Em coletiva de imprensa naquele dia, o político afirmou existir uma “fraude em curso” e solicitou providências imediatas. O pedido formal foi apresentado um dia antes, mas o órgão eleitoral não acatou o recurso. O Escritório Nacional de Processos Eleitorais (ONPE) já havia decidido, em 29 de maio, interromper a digitalização imediata dos resultados provenientes do exterior, atendendo solicitação do Ministério das Relações Exteriores do país.
Mesmo enfrentando críticas de observadores internacionais, a equipe de Sánchez insistiu que a medida colocou em risco a transparência da eleição. A JNE, contudo, considerou que a documentação física entregue pelas mesas de votação era suficiente para validar os boletins.
Com a derrota reconhecida, Keiko Fujimori consolida seu retorno ao centro da política peruana. A nova presidente eleita deverá tomar posse em 28 de julho, data tradicional para a transferência de comando no Peru. Enquanto isso, setores aliados de Sánchez discutem se recorrerão a instâncias judiciais para manter vivas as denúncias ou se atuarão como oposição formal no próximo Congresso.
Nos bastidores, lideranças de Juntos pelo Peru defendem que a participação eleitoral de mais de 75% dos cidadãos demonstra vitalidade democrática, mesmo diante das controvérsias. Especialistas em direito eleitoral afirmam que, a partir do momento em que o candidato admite o resultado, torna-se improvável a reversão judicial do placar, mas reconhecem que a investigação de denúncias pode prosseguir em paralelo.

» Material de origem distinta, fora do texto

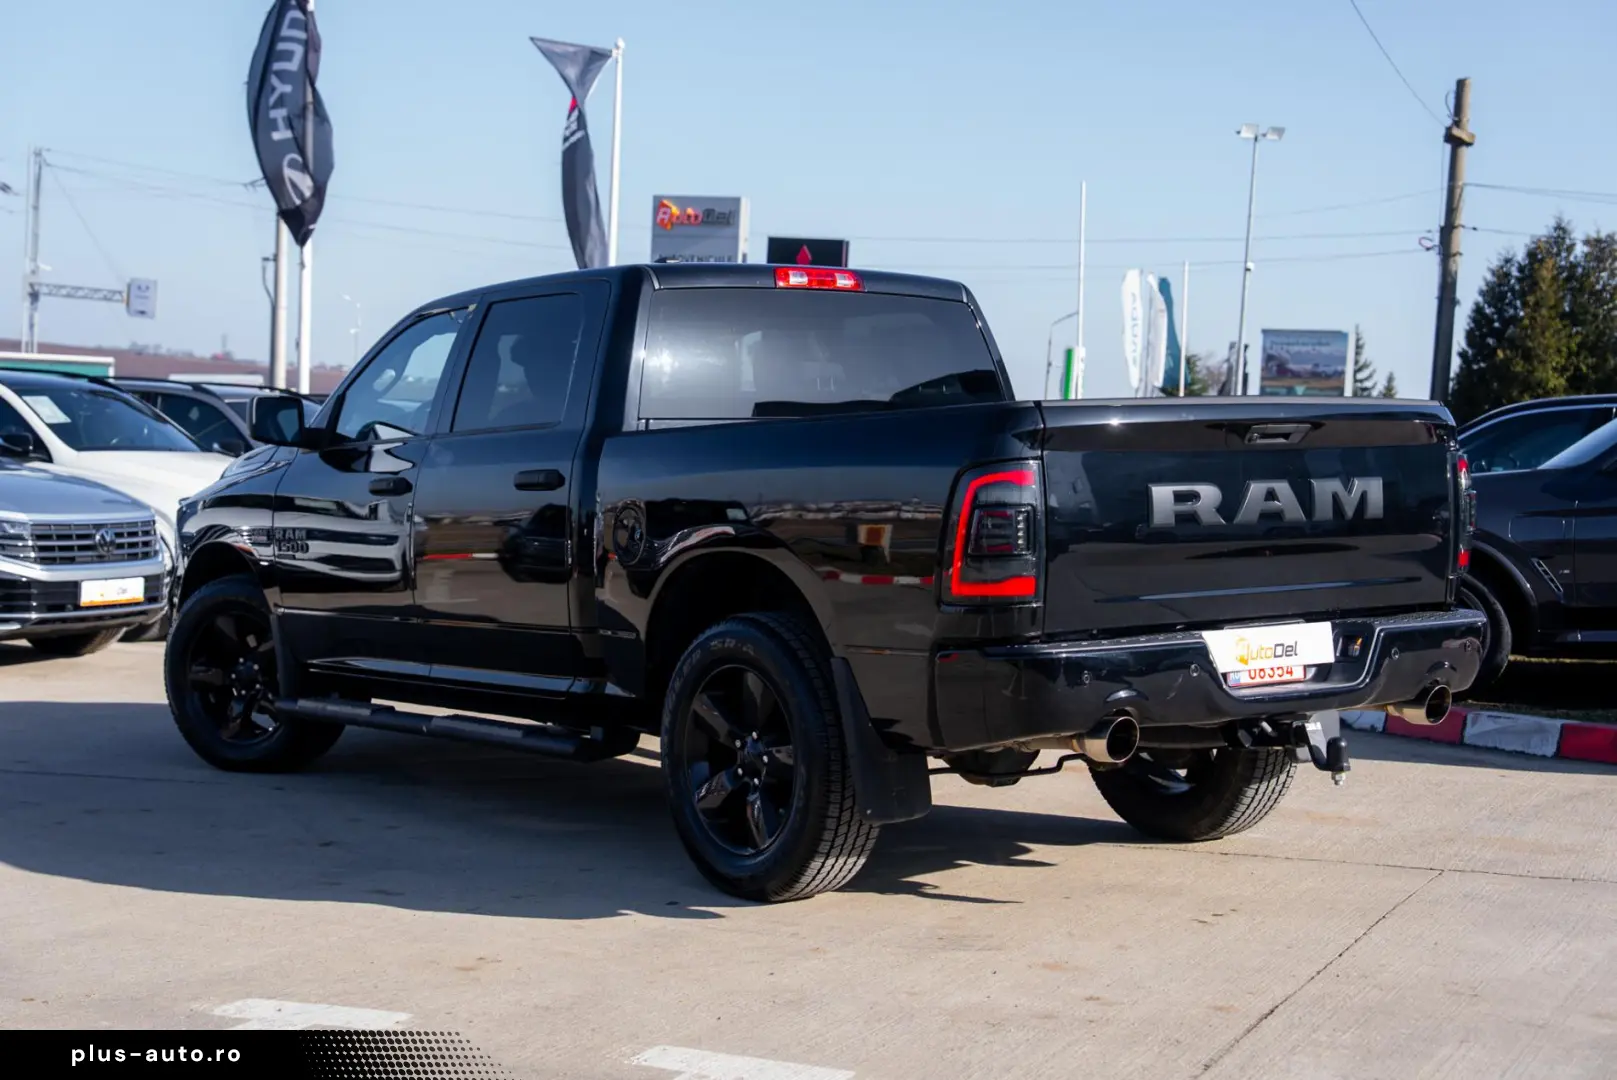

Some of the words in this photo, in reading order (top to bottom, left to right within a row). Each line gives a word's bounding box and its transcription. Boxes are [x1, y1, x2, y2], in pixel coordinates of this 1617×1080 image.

[269, 0, 308, 141] HYUND
[1148, 477, 1384, 527] RAM
[275, 528, 306, 540] RAM

A confirmação da vitória de Fujimori encerra uma campanha marcada por forte polarização ideológica e por debates sobre a condução da economia e do combate à corrupção. Observadores internacionais apontaram que, apesar de incidentes pontuais, o processo atendeu aos padrões mínimos de integridade. A expectativa agora recai sobre a transição de governo e a capacidade de diálogo entre vencedores e vencidos para garantir estabilidade política ao país andino.